Down to the last line, restate the records word for word, but not the pictures.

BEGIN DATA

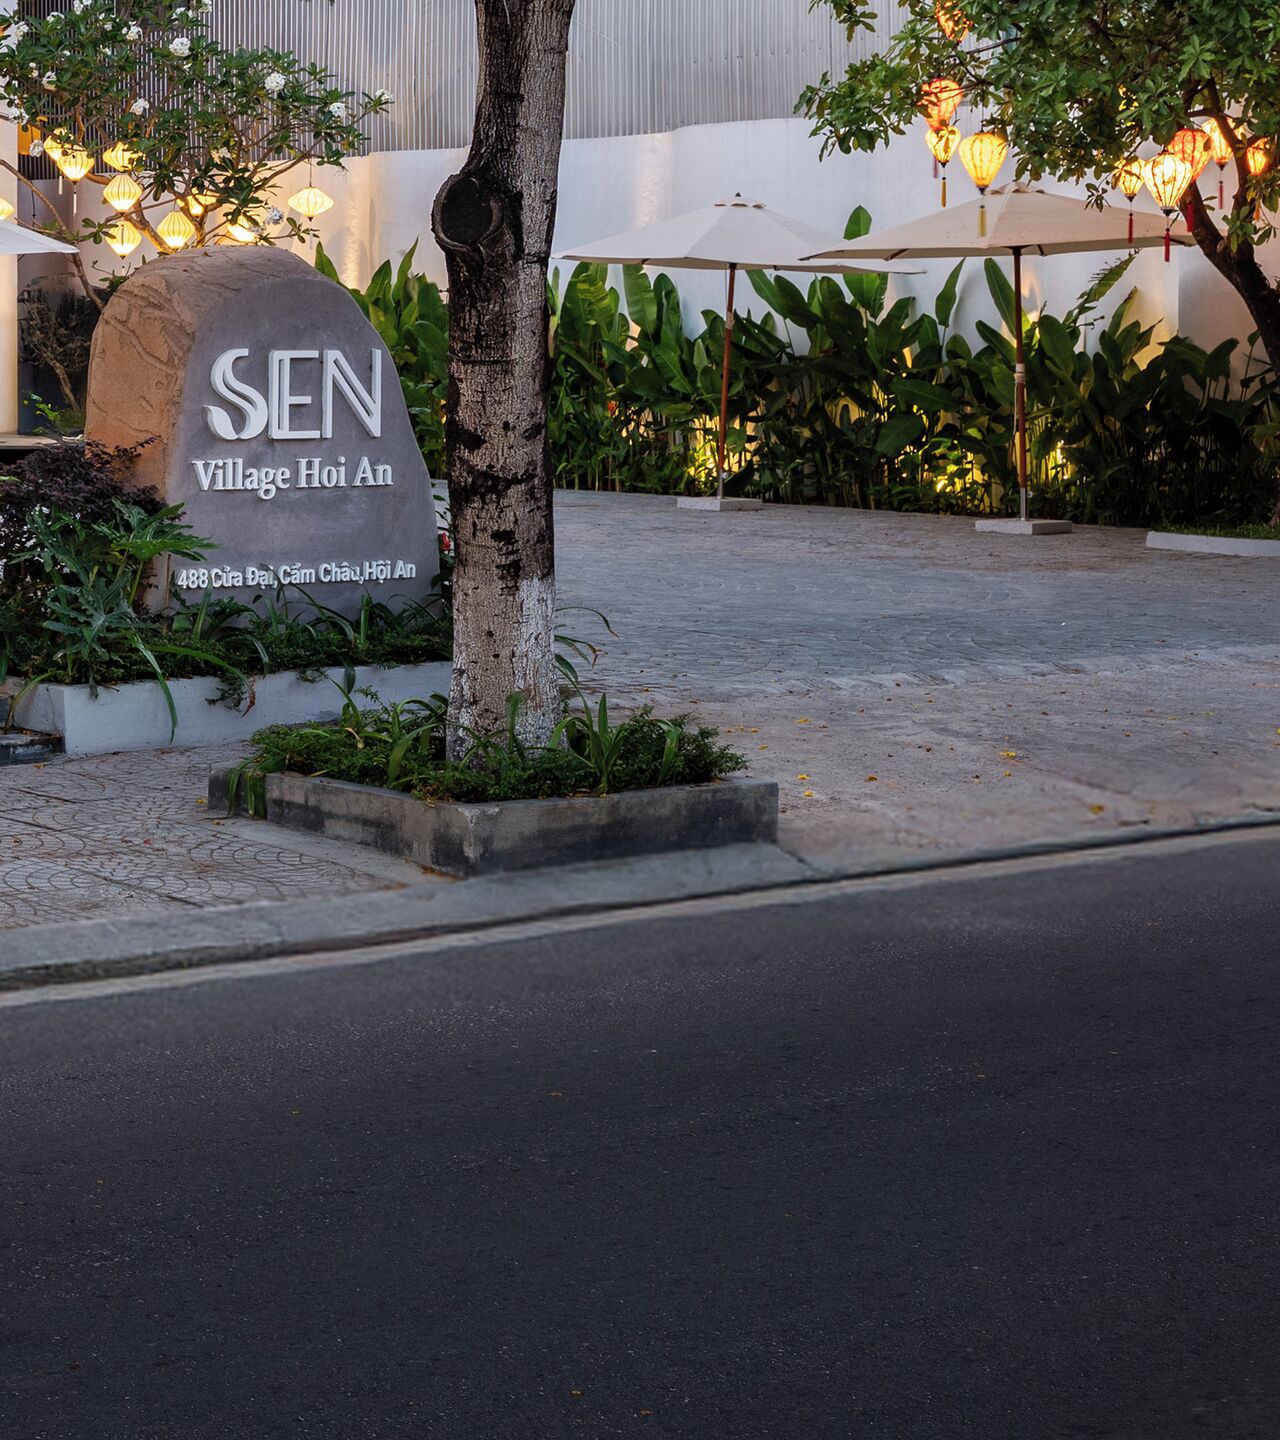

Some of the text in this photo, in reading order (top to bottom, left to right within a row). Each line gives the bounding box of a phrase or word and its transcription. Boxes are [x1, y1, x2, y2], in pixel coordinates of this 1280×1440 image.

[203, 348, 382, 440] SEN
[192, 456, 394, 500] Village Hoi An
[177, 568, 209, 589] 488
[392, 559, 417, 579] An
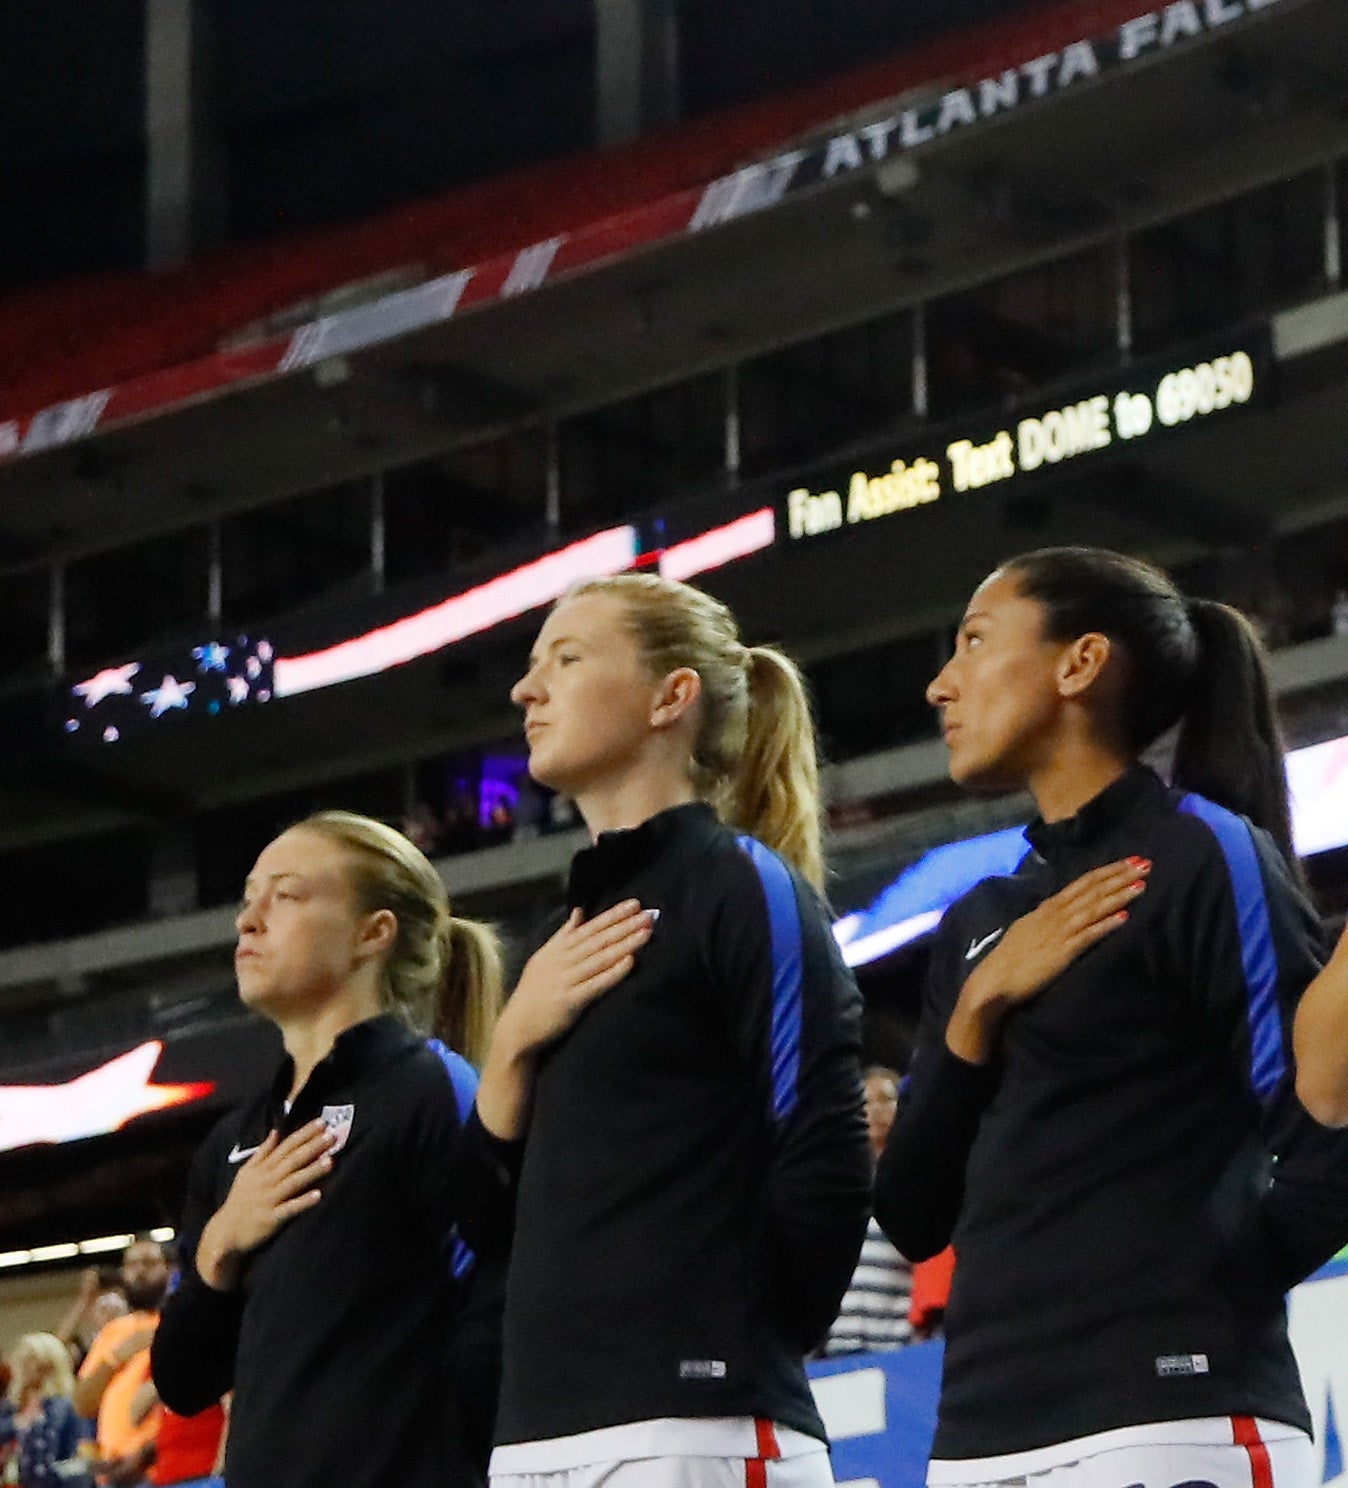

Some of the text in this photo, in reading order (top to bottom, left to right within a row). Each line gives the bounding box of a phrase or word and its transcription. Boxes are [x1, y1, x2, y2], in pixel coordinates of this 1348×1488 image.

END DATA

- [COMPLETED TASK]:
Some of the text in this photo, in reading order (top to bottom, left to right within a row). Each line gives the bounding box of a phrase or word and its transcription. Boxes are [x1, y1, x2, y2], in pixel coordinates of this 1280×1440 image.

[203, 348, 382, 440] SEN
[192, 456, 394, 500] Village Hoi An
[177, 568, 209, 589] 488
[392, 559, 417, 579] An

Some of the text in this photo, in reading order (top to bottom, left to right within a row). Each line gives the bounding box of a phrase or word and its transcription. Boxes are [x1, y1, x2, y2], in pixel coordinates of this 1348×1488 image.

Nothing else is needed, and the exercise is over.